Table 3. - Central structures involved in the coordination of oscillating biological functions
Chronobiological studies provided evidence that various environmental factors act hierarchically as synchronizers of biological rhythms. The most powerful synchronizer is the light-dark alternation. Isolated from geophysical temporality, human beings progressively tend to delay the resting time. This phenomenon occurs even in conditions of perennial light or darkness. A rapid change in time zones (passing through three or more time zones), as occurs in transmeridian flights, gives rise to a psychophysical disturbance commonly known as «jet lag syndrome» prominently due to the dyschronism between biological time and physical time. The resynchronization following geographical dyschronism occurs with a phase shift of about 90 min every 24 h. It is, however, necessary to keep in mind that the direction of time zone transiction is crucial. In east-west bound flights, travellers must recuperate a time span equal to the temporal difference between the time zones. In west-east bound flights, subjects must recuperate 24 h minus the difference in time zones, i.e., the physical time already passed in that zone , which was not biologically «lived» by the travellers. This implies that the resynchronization takes much more time. The resynchronization can be, however, accelerated or delayed by numerous factors (Table 4).
Strong temporal pressures
Weak temporal pressures
Higher performance task
Lower temporal task
Low pulse/respiration ratio
High pulse/respiration ratio
The meal schedule is also a robust synchronizer. Subjects eating a complete meal only once a day will show a phase shift for many biological rhythms toward the hour that the meal is given. Social routines (sociotemporality) are also important, especially shift work. A random shift can produce desynchronizing effects for many periodic functions, especially those related to physical and mental performance.
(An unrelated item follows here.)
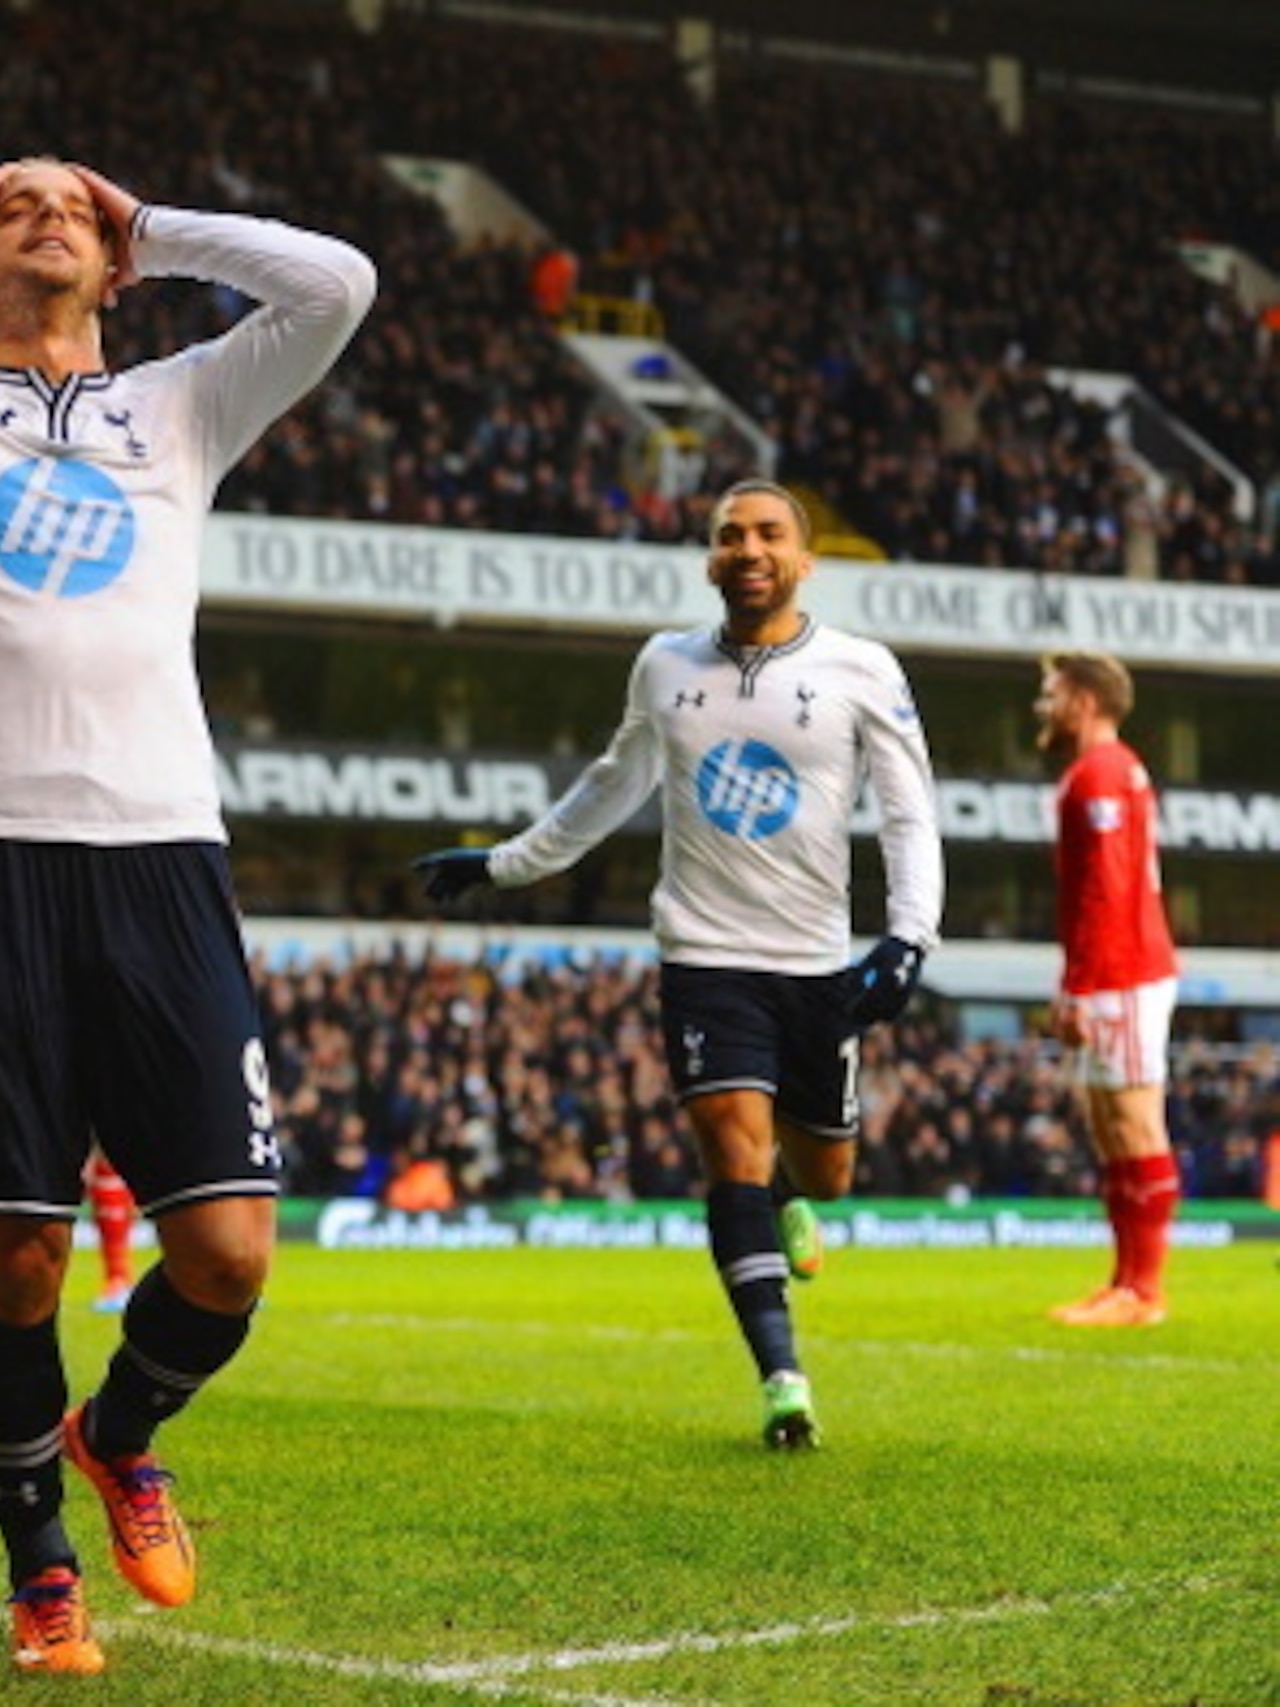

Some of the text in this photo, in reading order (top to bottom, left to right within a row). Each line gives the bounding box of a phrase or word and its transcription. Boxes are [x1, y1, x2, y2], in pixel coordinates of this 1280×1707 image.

Other environmental agents causing dyschronism are stress, fasting, fatigue, etc., if abnormally prolonged in time and/or cyclically repeated.
Several drugs can induce desynchronization as well. The lists of these drugs should compose a new chapter of pharmacology to be used in pharmacological surveillance.
Interestingly, some drugs may be used for resynchronizing the biological rhythms disturbed by exogenous interferences. These drugs are called «chronizing agents or chronizers».